> _YOUR OBJECTIVE_
Copy every entry below exactly, and keep out the pictures.

[Dataset entries]

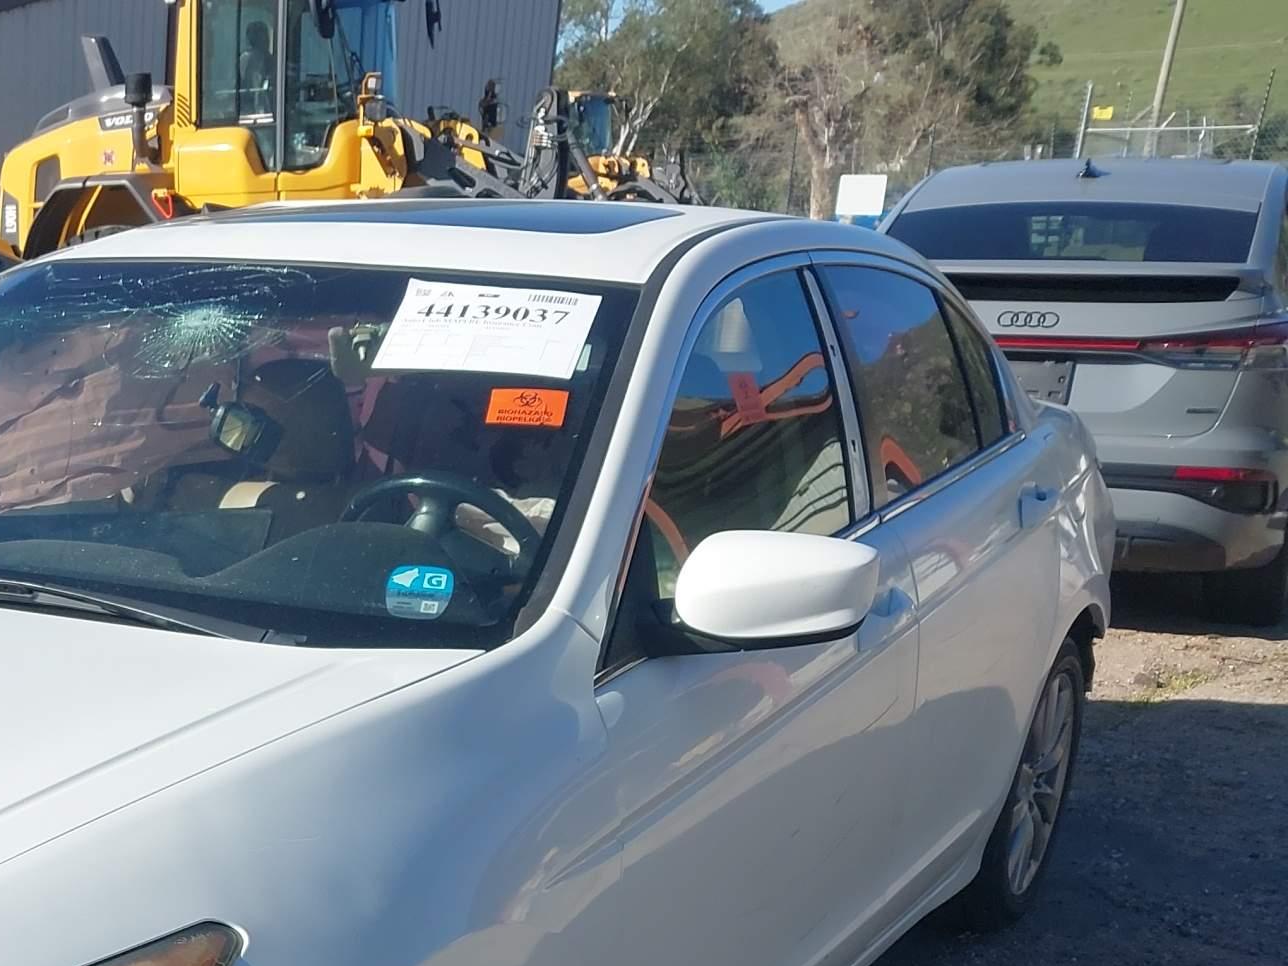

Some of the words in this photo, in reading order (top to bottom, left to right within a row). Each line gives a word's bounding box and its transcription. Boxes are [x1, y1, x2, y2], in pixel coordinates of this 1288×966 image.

[103, 111, 154, 127] VOLO
[417, 302, 572, 325] 44139037
[427, 575, 443, 587] G
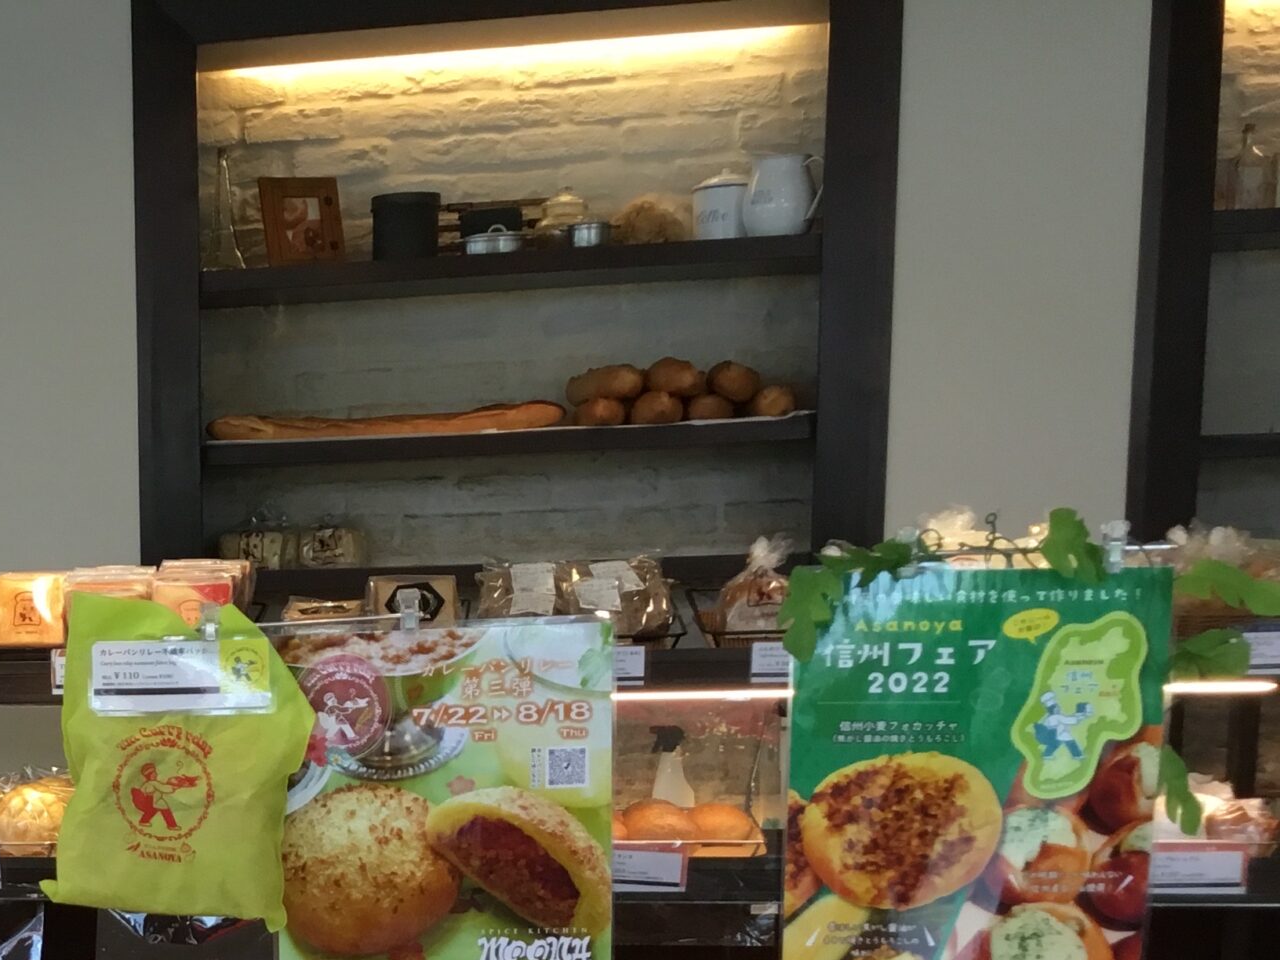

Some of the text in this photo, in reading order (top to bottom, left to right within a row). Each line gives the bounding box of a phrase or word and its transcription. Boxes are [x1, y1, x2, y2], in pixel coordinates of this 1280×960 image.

[854, 618, 964, 634] Asanoya
[823, 638, 997, 669] 信州フェア
[420, 658, 572, 678] カレーパンリレー
[462, 677, 533, 698] 第三弾
[867, 671, 951, 694] 2022
[412, 701, 592, 728] 7/22 8/18
[473, 727, 588, 741] Fri Thu

> _ANSWER TO THIS PROBLEM_
Some of the words in this photo, in reading order (top to bottom, left to right within a row). Each line gives a word's bounding box and its transcription. Boxes are [x1, y1, x2, y2], in pixel coordinates of this 1288×966 image.

[103, 111, 154, 127] VOLO
[417, 302, 572, 325] 44139037
[427, 575, 443, 587] G

Some of the text in this photo, in reading order (top to bottom, left to right within a row). Each line gives the bounding box of a phrase or word and its transcription. Boxes are [x1, y1, x2, y2], in pixel coordinates of this 1280×960 image.

[854, 618, 964, 634] Asanoya
[823, 638, 997, 669] 信州フェア
[420, 658, 572, 678] カレーパンリレー
[462, 677, 533, 698] 第三弾
[867, 671, 951, 694] 2022
[412, 701, 592, 728] 7/22 8/18
[473, 727, 588, 741] Fri Thu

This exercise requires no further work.